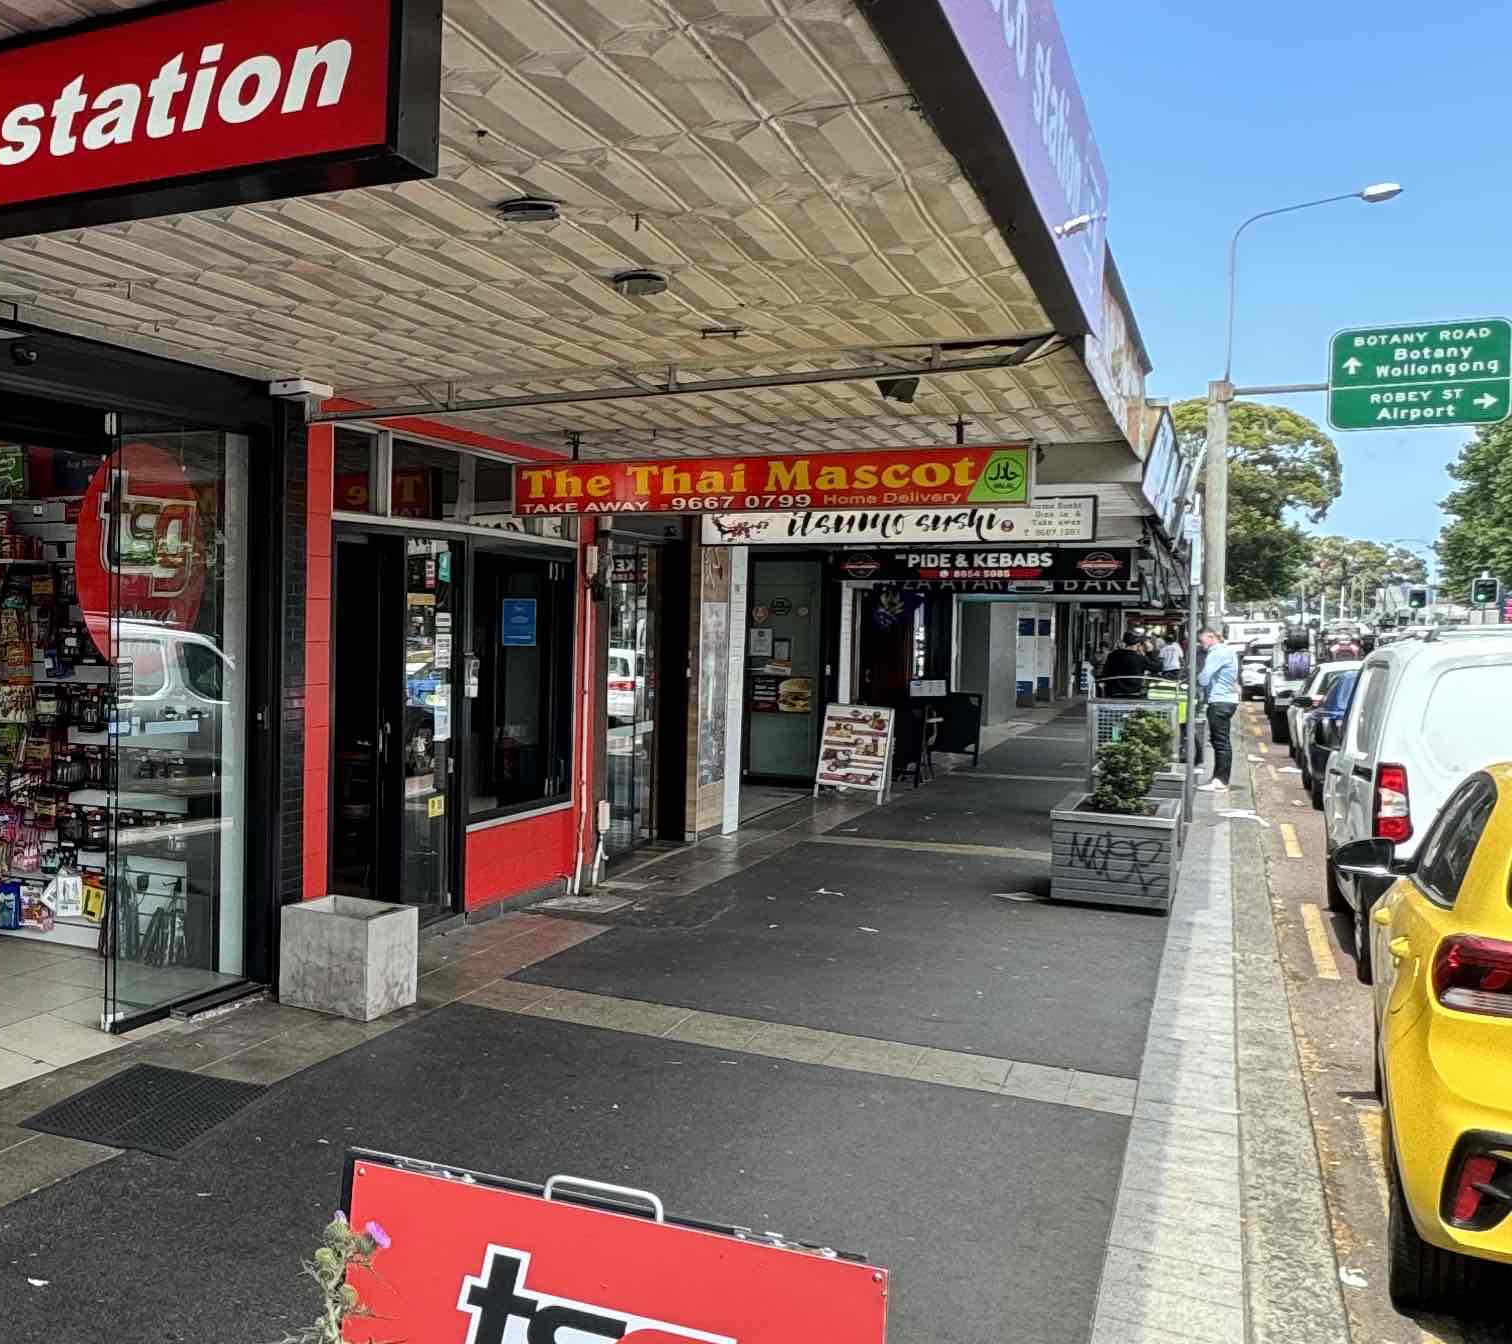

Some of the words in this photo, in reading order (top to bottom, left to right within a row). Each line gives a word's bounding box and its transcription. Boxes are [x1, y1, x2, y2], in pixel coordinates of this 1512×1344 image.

[1032, 42, 1082, 215] station
[1354, 331, 1428, 346] BOTANY
[1440, 327, 1491, 341] ROAD
[1394, 346, 1473, 361] Botany
[1376, 359, 1499, 377] Wollongong
[1370, 391, 1432, 404] ROBEY
[1442, 389, 1464, 400] ST
[1376, 405, 1456, 420] Airport
[522, 469, 612, 499] The
[627, 463, 748, 498] Thai
[764, 456, 978, 493] Mascot
[523, 503, 579, 514] TAKE
[585, 501, 649, 513] AWAY
[671, 496, 736, 512] 9667
[744, 495, 812, 508] 0799
[824, 494, 877, 505] Home
[884, 492, 961, 505] Delivery
[916, 508, 1000, 542] sushi
[908, 554, 952, 567] PIDE
[955, 554, 969, 567] &
[973, 552, 1053, 567] KEBABS
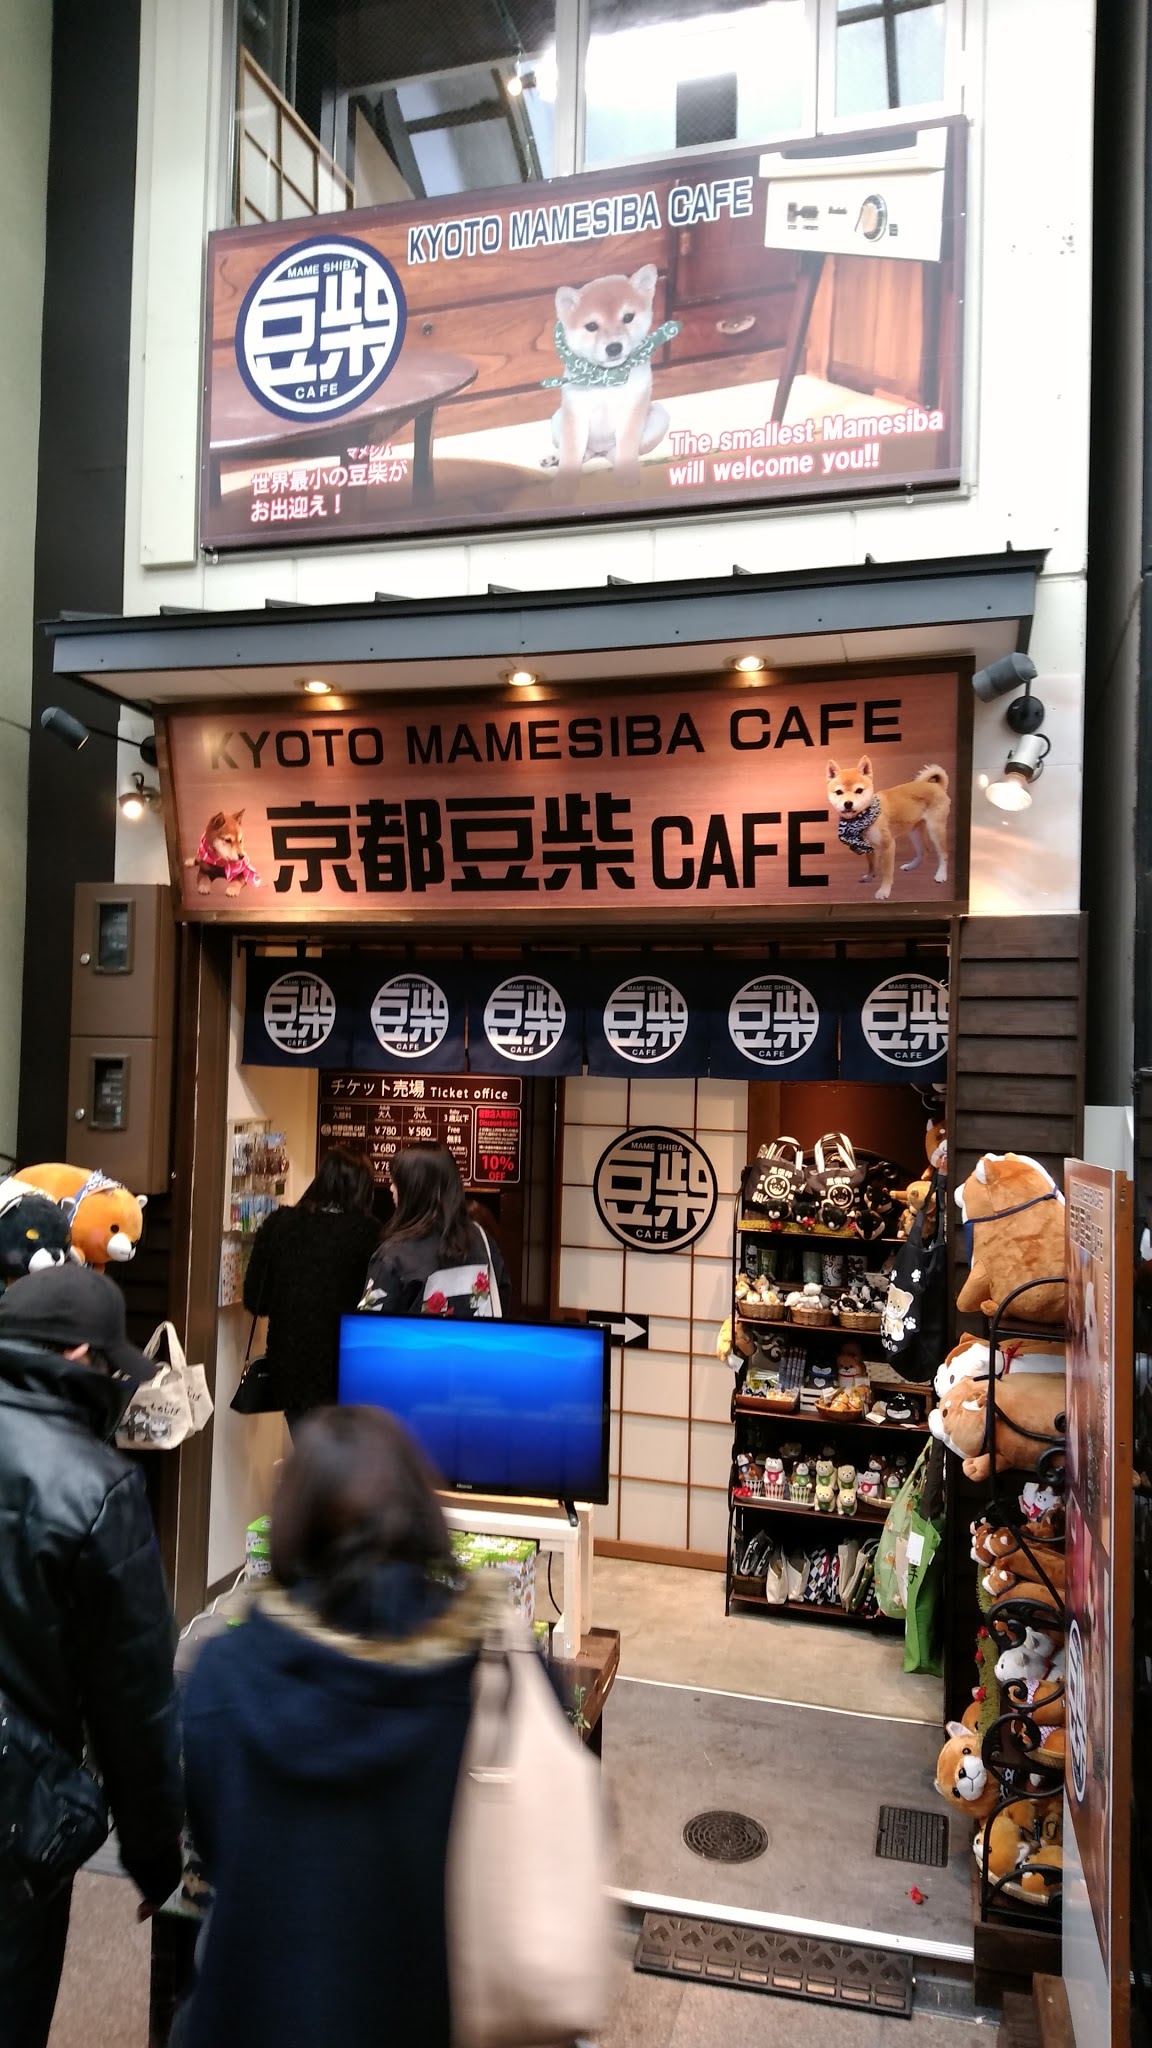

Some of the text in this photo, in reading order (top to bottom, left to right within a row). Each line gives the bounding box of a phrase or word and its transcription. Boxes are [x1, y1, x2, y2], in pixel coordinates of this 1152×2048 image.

[409, 177, 753, 264] KYOTO MAMESIBA CAFE
[287, 259, 359, 279] MAME SHIBA
[245, 268, 397, 386] 豆柴
[295, 382, 338, 399] CAFE
[669, 409, 944, 456] The smallest Mamesiba
[346, 443, 393, 460] マメシバ
[668, 442, 880, 486] will welcome you!!
[251, 461, 408, 496] 世界最小の豆柴が
[208, 698, 903, 770] KYOTO MAMESIBA CAFE
[266, 792, 830, 894] 京都豆柴 CAFE
[265, 986, 334, 1039] 豆柴
[372, 988, 448, 1042] 豆柴
[484, 990, 565, 1046] 豆柴
[604, 991, 688, 1047] 豆柴
[729, 990, 819, 1048] 豆柴
[287, 1039, 307, 1047] CAFE
[396, 1043, 419, 1051] CAFE
[510, 1046, 534, 1054] CAFE
[894, 1051, 922, 1059] CAFE
[331, 1078, 508, 1100] チケット売場 Ticket office
[413, 1111, 427, 1120] 小人
[447, 1126, 460, 1134] Free
[631, 1141, 684, 1152] MAME SHIBA
[481, 1154, 514, 1171] 10%
[488, 1172, 506, 1182] OFF
[599, 1150, 714, 1229] 豆柴
[636, 1229, 669, 1240] CAFE

= = =

Your task: The answer should contain all the material above, copied exactly, and no images.

Finished exercise:
Some of the words in this photo, in reading order (top to bottom, left to right within a row). Each line gives a word's bounding box and its transcription. Boxes are [x1, y1, x2, y2], in pixel coordinates of this 1512×1344 image.

[1032, 42, 1082, 215] station
[1354, 331, 1428, 346] BOTANY
[1440, 327, 1491, 341] ROAD
[1394, 346, 1473, 361] Botany
[1376, 359, 1499, 377] Wollongong
[1370, 391, 1432, 404] ROBEY
[1442, 389, 1464, 400] ST
[1376, 405, 1456, 420] Airport
[522, 469, 612, 499] The
[627, 463, 748, 498] Thai
[764, 456, 978, 493] Mascot
[523, 503, 579, 514] TAKE
[585, 501, 649, 513] AWAY
[671, 496, 736, 512] 9667
[744, 495, 812, 508] 0799
[824, 494, 877, 505] Home
[884, 492, 961, 505] Delivery
[916, 508, 1000, 542] sushi
[908, 554, 952, 567] PIDE
[955, 554, 969, 567] &
[973, 552, 1053, 567] KEBABS

Some of the text in this photo, in reading order (top to bottom, left to right within a row). Each line gives the bounding box of a phrase or word and its transcription. Boxes are [x1, y1, x2, y2], in pixel coordinates of this 1152×2048 image.

[409, 177, 753, 264] KYOTO MAMESIBA CAFE
[287, 259, 359, 279] MAME SHIBA
[245, 268, 397, 386] 豆柴
[295, 382, 338, 399] CAFE
[669, 409, 944, 456] The smallest Mamesiba
[346, 443, 393, 460] マメシバ
[668, 442, 880, 486] will welcome you!!
[251, 461, 408, 496] 世界最小の豆柴が
[208, 698, 903, 770] KYOTO MAMESIBA CAFE
[266, 792, 830, 894] 京都豆柴 CAFE
[265, 986, 334, 1039] 豆柴
[372, 988, 448, 1042] 豆柴
[484, 990, 565, 1046] 豆柴
[604, 991, 688, 1047] 豆柴
[729, 990, 819, 1048] 豆柴
[287, 1039, 307, 1047] CAFE
[396, 1043, 419, 1051] CAFE
[510, 1046, 534, 1054] CAFE
[894, 1051, 922, 1059] CAFE
[331, 1078, 508, 1100] チケット売場 Ticket office
[413, 1111, 427, 1120] 小人
[447, 1126, 460, 1134] Free
[631, 1141, 684, 1152] MAME SHIBA
[481, 1154, 514, 1171] 10%
[488, 1172, 506, 1182] OFF
[599, 1150, 714, 1229] 豆柴
[636, 1229, 669, 1240] CAFE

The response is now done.